The key role of DiffPure is not "denoising" but "noise redistribution" — converting non-Gaussian adversarial noise into Gaussian noise.

Highlights & Insights¶

Discovery and solution in tandem: The paper is the first to systematically demonstrate Gaussian noise vulnerability in mainstream VLMs and provides a complete defense framework in response.
Clever exploitation of distribution shifting: DiffPure's incomplete denoising is an advantage rather than a limitation — it unifies adversarial noise of unknown distribution into a known Gaussian distribution, which the fine-tuned model can readily handle, forming a closed defense loop.
Thoughtful data design: Image-text misaligned safety data addresses the blind spot of VLGuard; a small amount of high-quality data suffices to significantly improve robustness.
Strong practicality: Training requires only 3 hours on a single A100 GPU, and DiffPure inference is less costly than JailGuard (no repeated model inference needed).

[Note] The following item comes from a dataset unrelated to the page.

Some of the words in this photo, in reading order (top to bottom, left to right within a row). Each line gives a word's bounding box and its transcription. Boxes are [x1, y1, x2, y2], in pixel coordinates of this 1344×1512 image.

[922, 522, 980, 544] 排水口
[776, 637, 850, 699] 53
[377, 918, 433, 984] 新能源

Limitations & Future Work¶

Evaluation is limited to three VLMs; newer models (e.g., Qwen2-VL, LLaMA-3.2-Vision) are not tested — the appendix provides preliminary results but lacks depth.
Noise augmentation is applied only during fine-tuning; integrating it into pretraining may yield further gains.
The DiffPure timestep \(t^*\) must be chosen according to attack strength; an adaptive timestep selection mechanism could be explored.
The safety dataset is relatively small (6,467 samples in total); extending to more tasks and safety categories may further improve performance.

Relationship to VLGuard: Robust-VLGuard extends VLGuard by incorporating image-text misaligned scenarios and noise-augmented training, essentially integrating robustness as a dimension of safety.
Relationship to the original DiffPure: The original DiffPure targets image classifiers; this work adapts it to the VLM setting and discovers its distinctive property of "distribution shifting" rather than "denoising."
Insight: VLM safety is not solely a content-level issue — signal-level noise can also break safety alignment — suggesting that safety training should consider a broader attack surface.

Rating¶

Novelty: ⭐⭐⭐⭐ The discovery of Gaussian noise vulnerability is novel, and the DiffPure-VLM compositional design is elegant.
Experimental Thoroughness: ⭐⭐⭐⭐ Three base models, multiple attack strengths, and detailed ablations, though a wider variety of VLMs would strengthen the results.
Writing Quality: ⭐⭐⭐⭐ Clear logic, progressing coherently from problem identification to solution.
Value: ⭐⭐⭐⭐ Reveals an important blind spot in VLM safety; the defense framework is practical and generalizable.